All of the data below should be printed again exactly, pictures excluded.

[Items from a dataset]
[Start of Attachment]

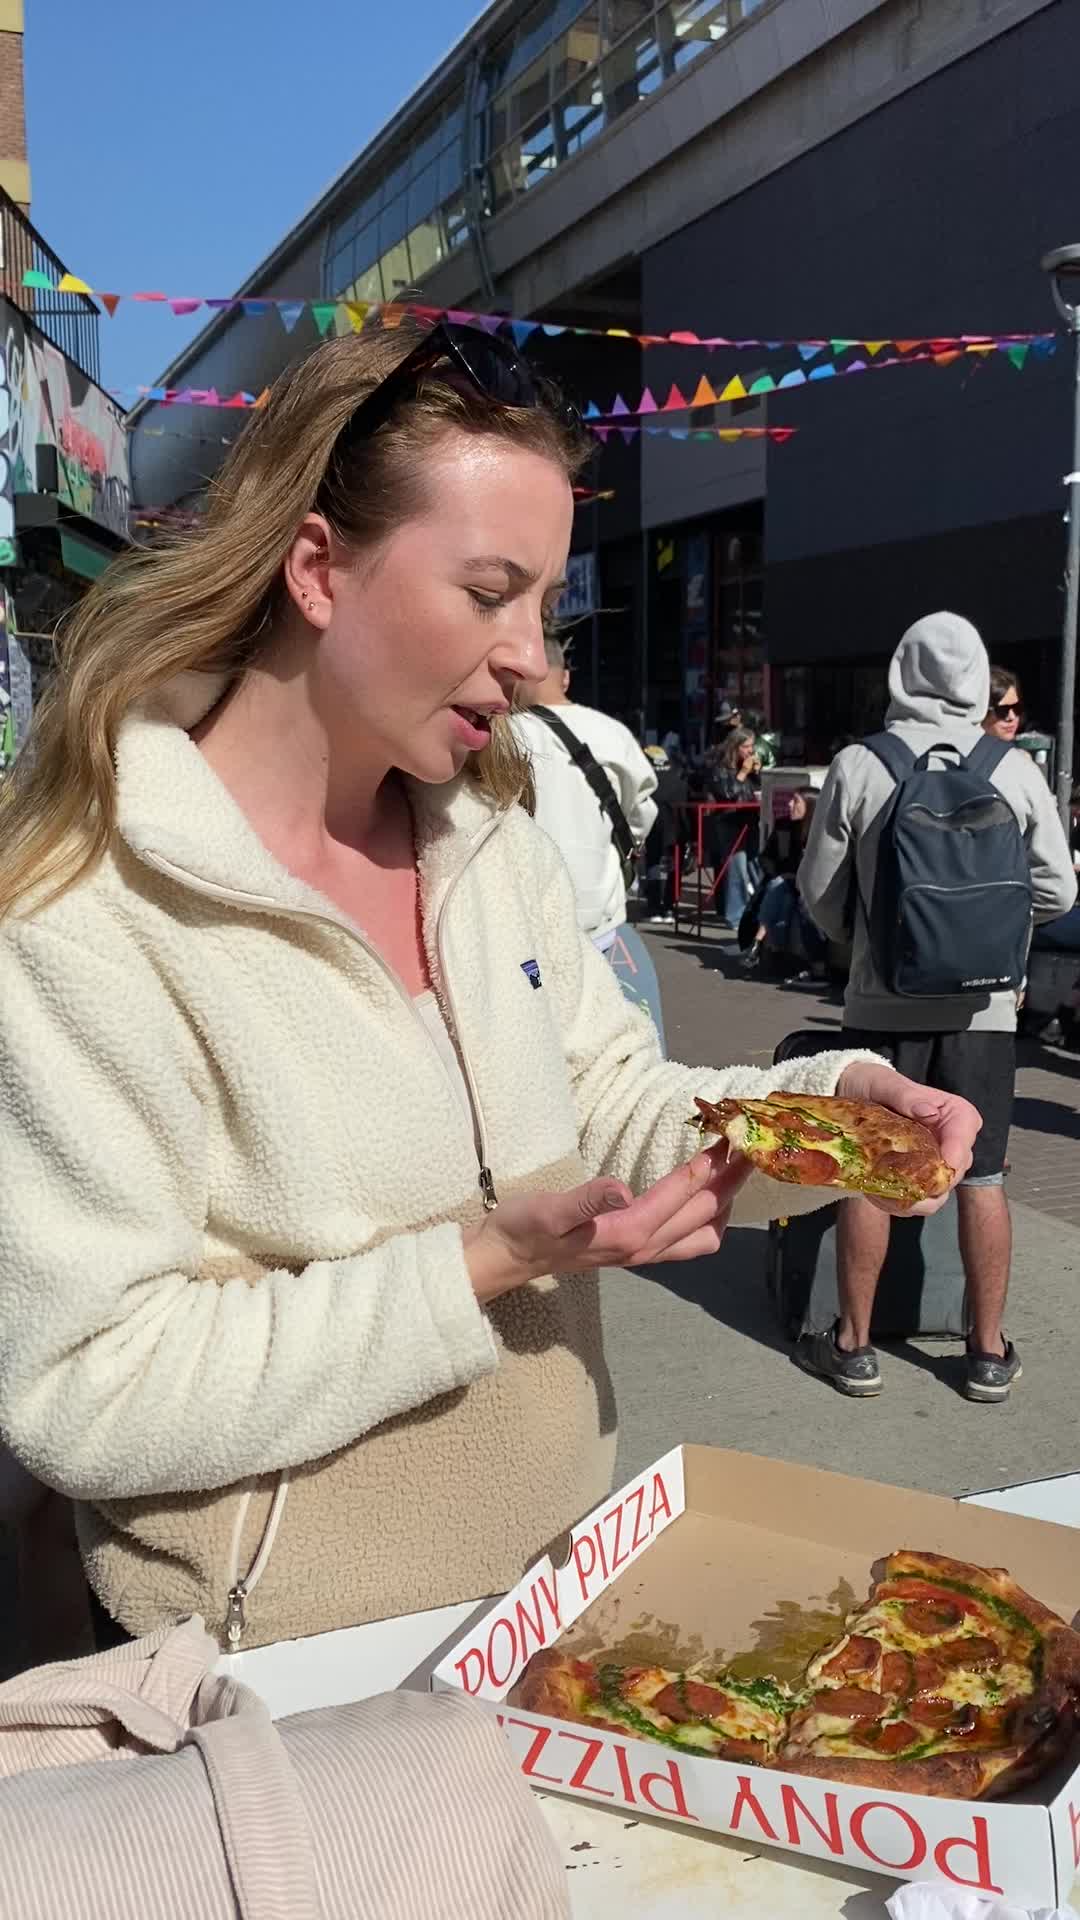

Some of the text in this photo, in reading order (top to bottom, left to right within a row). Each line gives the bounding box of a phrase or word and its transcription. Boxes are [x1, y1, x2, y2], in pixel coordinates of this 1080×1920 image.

[961, 978, 997, 987] adidas
[454, 1472, 672, 1696] PONY PIZZA
[496, 1714, 700, 1821] PIZZ
[729, 1775, 1004, 1896] PONY
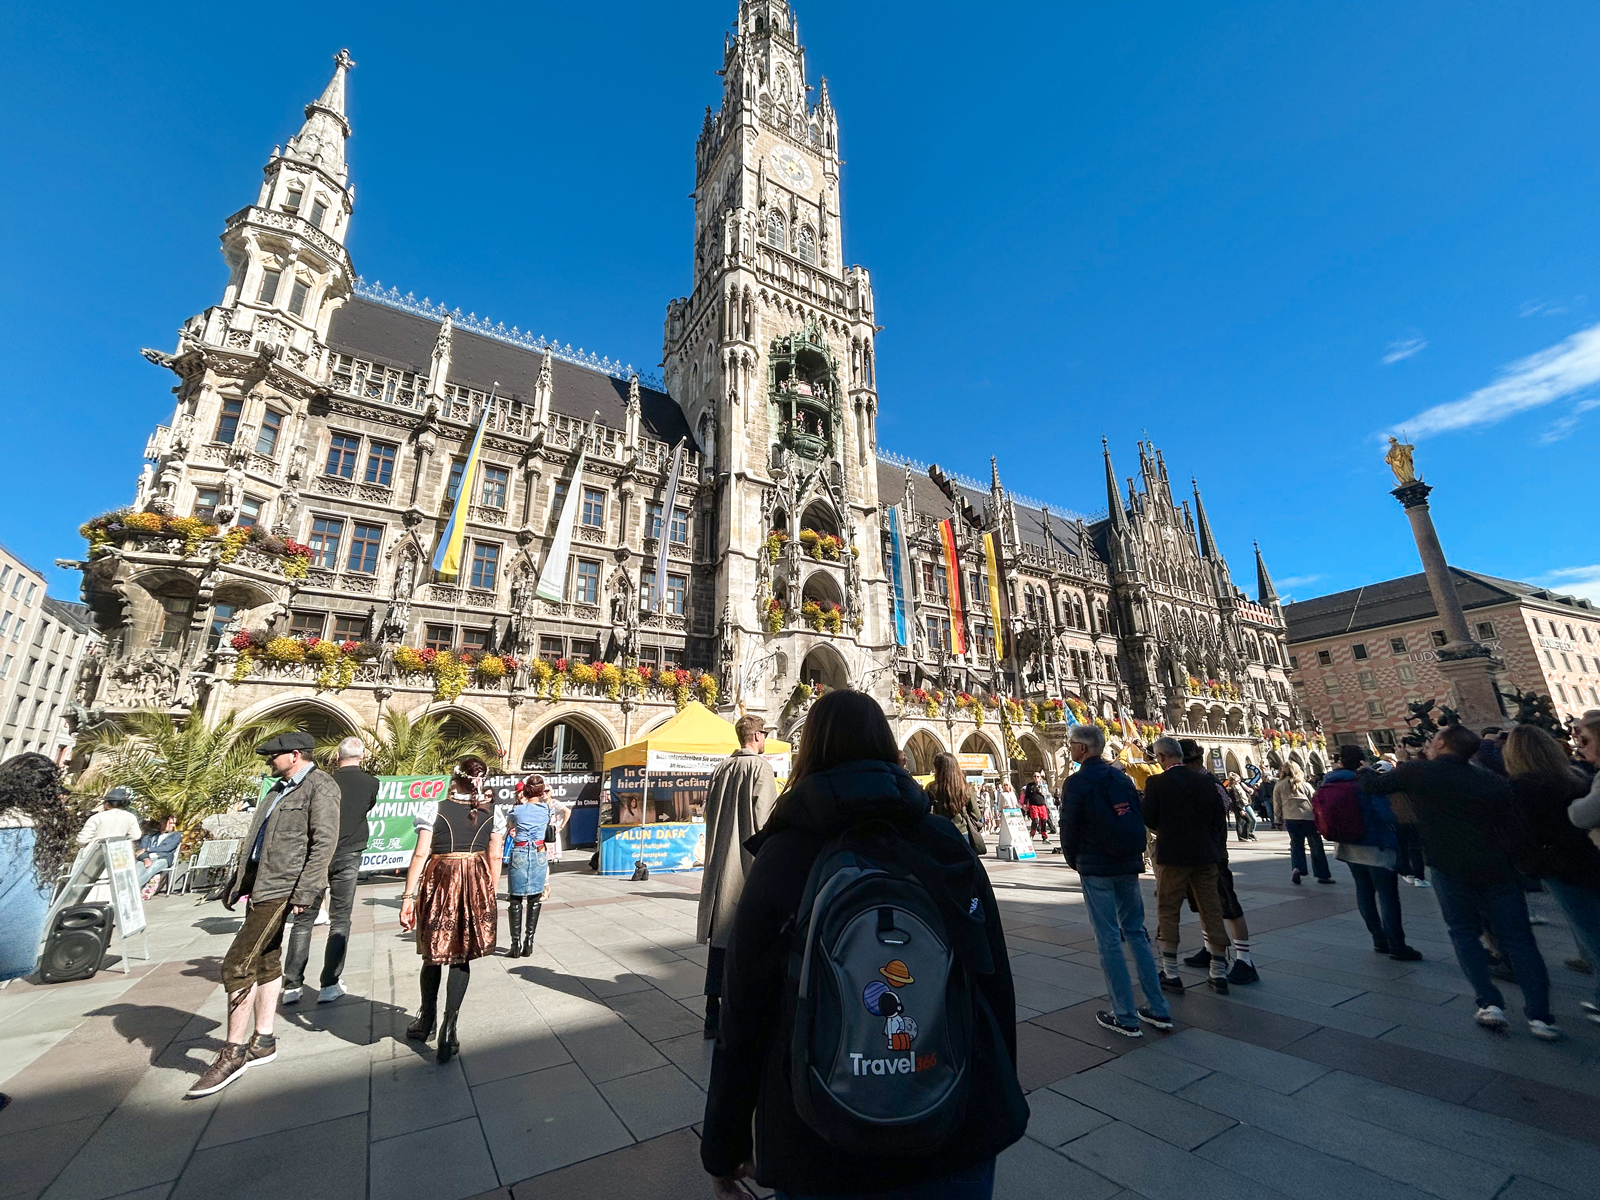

[End of Attachment]

Solution to this problem:
Some of the text in this photo, in reading order (top to bottom, left to right within a row). Each line gives the bounding box of a phrase or word and its transcription. Boxes are [x1, y1, x2, y2], in pixel coordinates of this 1080×1920 image.

[961, 978, 997, 987] adidas
[454, 1472, 672, 1696] PONY PIZZA
[496, 1714, 700, 1821] PIZZ
[729, 1775, 1004, 1896] PONY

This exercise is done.